Irgendwann im Laufe des Frühjahrs brachte der Postbote einen Brief für meinen Vater. Ich sagte, mein Vater lebt nicht mehr. Er sagte, er müsse diese Sendung trotzdem aushändigen, wenn jemand unter der Adresse wohnt. Ich sagte, ich wohne hier nicht, das ist mein Zuhause, machen Sie, dass Sie fortkommen. Als ich die Tür hinter ihm zuschlug, fing ich an, zusammenzupacken. Am nächsten Tag kaufte ich im Haushaltswarenladen Pinsel und Farbe. Ich dachte, ich könne die Wohnung in einer Nacht neu streichen. Fertig wurde ich damit irgendwann im Herbst. Kornél half manchmal. Die rote, verrottete Kredenz aus der Küche warf ich weg, ich machte einen Arbeitstisch, malte das Fenster schwarz an. Aus meinem Zimmer räumte ich alles heraus, es blieben nur das Bett, die Lampe und der Fotoapparat übrig.
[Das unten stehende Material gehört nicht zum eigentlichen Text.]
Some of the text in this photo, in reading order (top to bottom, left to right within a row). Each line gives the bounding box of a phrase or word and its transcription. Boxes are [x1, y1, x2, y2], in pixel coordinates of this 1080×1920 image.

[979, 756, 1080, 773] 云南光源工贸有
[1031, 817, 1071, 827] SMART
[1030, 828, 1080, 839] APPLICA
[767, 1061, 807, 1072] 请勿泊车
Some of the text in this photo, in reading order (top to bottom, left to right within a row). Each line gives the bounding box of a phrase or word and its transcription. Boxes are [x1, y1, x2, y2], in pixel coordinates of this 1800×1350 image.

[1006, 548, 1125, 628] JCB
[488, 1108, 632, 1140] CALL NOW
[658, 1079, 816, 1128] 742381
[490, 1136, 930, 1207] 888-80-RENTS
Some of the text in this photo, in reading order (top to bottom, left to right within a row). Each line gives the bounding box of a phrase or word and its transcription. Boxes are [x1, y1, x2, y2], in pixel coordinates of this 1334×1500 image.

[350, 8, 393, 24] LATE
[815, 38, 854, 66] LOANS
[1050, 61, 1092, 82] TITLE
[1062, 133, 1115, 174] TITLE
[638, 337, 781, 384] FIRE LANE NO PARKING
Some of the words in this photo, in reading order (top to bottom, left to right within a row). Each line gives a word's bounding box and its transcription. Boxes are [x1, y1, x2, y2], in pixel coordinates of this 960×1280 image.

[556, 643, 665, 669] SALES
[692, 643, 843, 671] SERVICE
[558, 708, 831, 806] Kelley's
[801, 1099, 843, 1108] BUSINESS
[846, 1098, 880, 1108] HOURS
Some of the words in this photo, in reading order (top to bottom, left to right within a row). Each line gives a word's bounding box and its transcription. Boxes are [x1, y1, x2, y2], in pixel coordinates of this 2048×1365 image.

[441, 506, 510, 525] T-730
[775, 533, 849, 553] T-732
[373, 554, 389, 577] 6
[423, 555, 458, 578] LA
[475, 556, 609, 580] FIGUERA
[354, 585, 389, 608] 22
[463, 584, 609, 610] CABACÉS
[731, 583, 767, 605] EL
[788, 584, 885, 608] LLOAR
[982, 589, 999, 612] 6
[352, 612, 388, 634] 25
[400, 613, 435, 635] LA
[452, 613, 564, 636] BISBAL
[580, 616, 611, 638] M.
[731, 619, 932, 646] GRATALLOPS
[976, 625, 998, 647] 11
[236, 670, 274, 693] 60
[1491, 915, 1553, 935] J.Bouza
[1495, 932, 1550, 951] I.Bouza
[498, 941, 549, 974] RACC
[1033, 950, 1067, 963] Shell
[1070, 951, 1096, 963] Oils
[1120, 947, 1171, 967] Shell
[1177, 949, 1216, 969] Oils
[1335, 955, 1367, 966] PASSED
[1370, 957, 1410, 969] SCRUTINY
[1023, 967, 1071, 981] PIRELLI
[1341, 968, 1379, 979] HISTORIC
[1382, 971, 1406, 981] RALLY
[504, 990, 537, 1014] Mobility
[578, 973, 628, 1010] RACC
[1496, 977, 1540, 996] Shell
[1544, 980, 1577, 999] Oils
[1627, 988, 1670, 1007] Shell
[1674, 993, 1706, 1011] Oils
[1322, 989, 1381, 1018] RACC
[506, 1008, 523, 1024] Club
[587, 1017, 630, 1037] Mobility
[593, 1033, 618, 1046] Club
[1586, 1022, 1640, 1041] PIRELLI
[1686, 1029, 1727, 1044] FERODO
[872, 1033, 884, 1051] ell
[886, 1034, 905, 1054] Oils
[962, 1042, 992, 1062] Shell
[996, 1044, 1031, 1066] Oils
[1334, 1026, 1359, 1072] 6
Später musste ich einige Sachen wieder zurückstellen, denn im Rest der Wohnung konnte man sich nicht mehr rühren. Schließlich wurde es ganz wohnlich. Die Tür zwischen den Zimmern hängte ich aus. Der Schreibtisch steht in der Ecke im Zimmer meines Vaters. Von dort aus kann ich genau auf mein Bett im anderen Zimmer sehen.

Nachdem ich allein in der Wohnung geblieben war, gewöhnte ich mir an zu unterbrechen, was ich gerade tat, sobald ich das Klopfen von Frauenschuhen auf der Straße hörte, ich legte das Buch beiseite oder stand manchmal sogar im Halbschlaf auf und schaute aus dem Fenster. Es gibt Laute, auf die wir instinktiv reagieren. Zum Beispiel das Weinen von Kindern. Oder das Donnern. Wenn er das hört, weiß sogar ein Hund, was er zu tun hat. Für mich wurde das Klappern von Frauenschuhen zu so einem Laut. Sofort aus dem Fenster schauen, so wie der Hund sich unter das Bett trollt oder wie wir das Kind beruhigen. Ich weiß nicht, was ich...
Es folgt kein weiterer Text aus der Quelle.